**Data for review**:
+===+

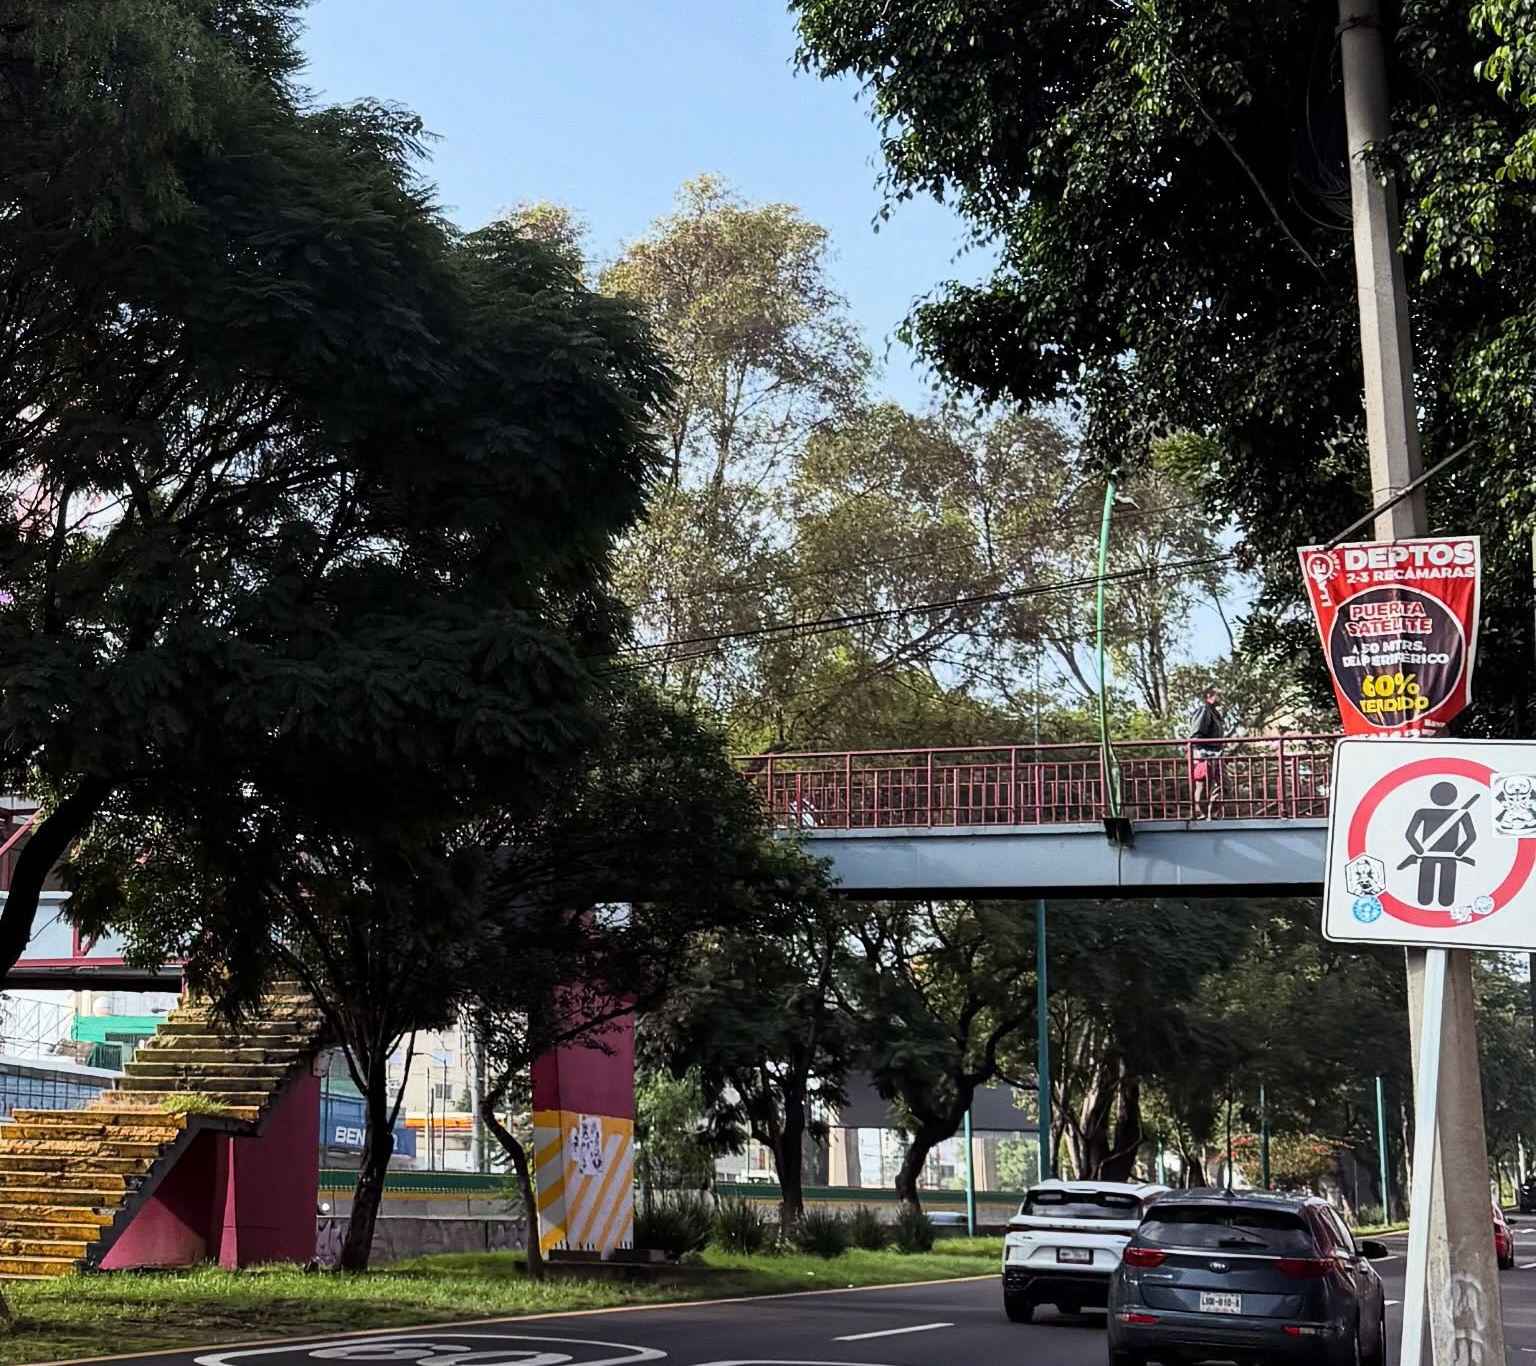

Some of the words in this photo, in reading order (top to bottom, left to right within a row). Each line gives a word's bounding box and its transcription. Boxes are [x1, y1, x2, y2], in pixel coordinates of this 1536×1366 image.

[1344, 542, 1475, 571] DEPTOS
[1346, 571, 1370, 584] 2-3
[1351, 601, 1426, 621] PUERTA
[1383, 640, 1427, 652] MTRS.
[1362, 673, 1421, 697] 60%
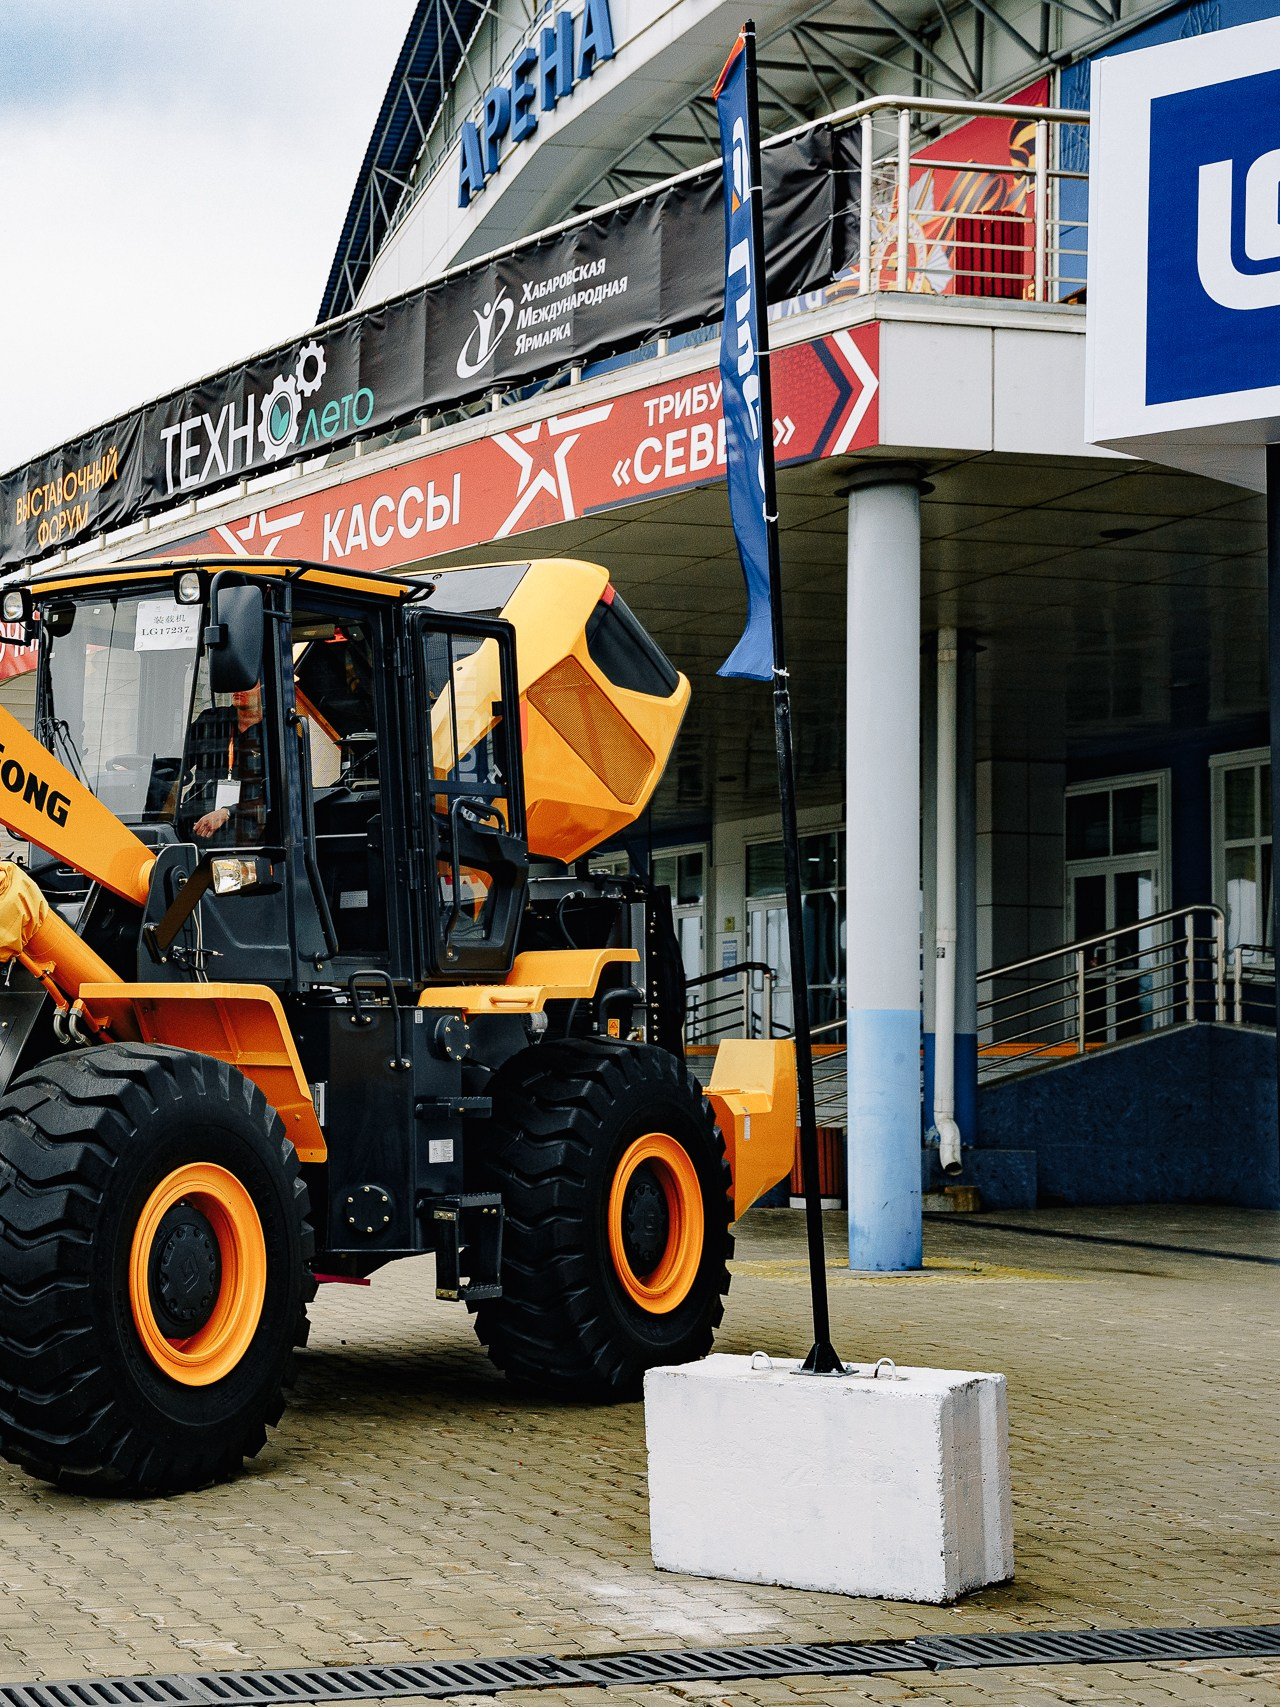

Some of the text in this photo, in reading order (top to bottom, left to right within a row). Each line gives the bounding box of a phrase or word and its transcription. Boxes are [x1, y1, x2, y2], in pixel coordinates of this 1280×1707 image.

[458, 0, 613, 208] АРЕНА
[644, 380, 722, 427] ТРИБУ
[16, 445, 118, 525] ВЫСТАВОЧНЫЙ
[37, 500, 89, 549] ФОРУМ
[322, 472, 461, 562] КАССЫ

+===+

Copy, character for character, the lines from the line that holds "Some of the text" through the final line of the records above.

**Exercise answer**:
Some of the text in this photo, in reading order (top to bottom, left to right within a row). Each line gives the bounding box of a phrase or word and its transcription. Boxes are [x1, y1, x2, y2], in pixel coordinates of this 1280×1707 image.

[458, 0, 613, 208] АРЕНА
[644, 380, 722, 427] ТРИБУ
[16, 445, 118, 525] ВЫСТАВОЧНЫЙ
[37, 500, 89, 549] ФОРУМ
[322, 472, 461, 562] КАССЫ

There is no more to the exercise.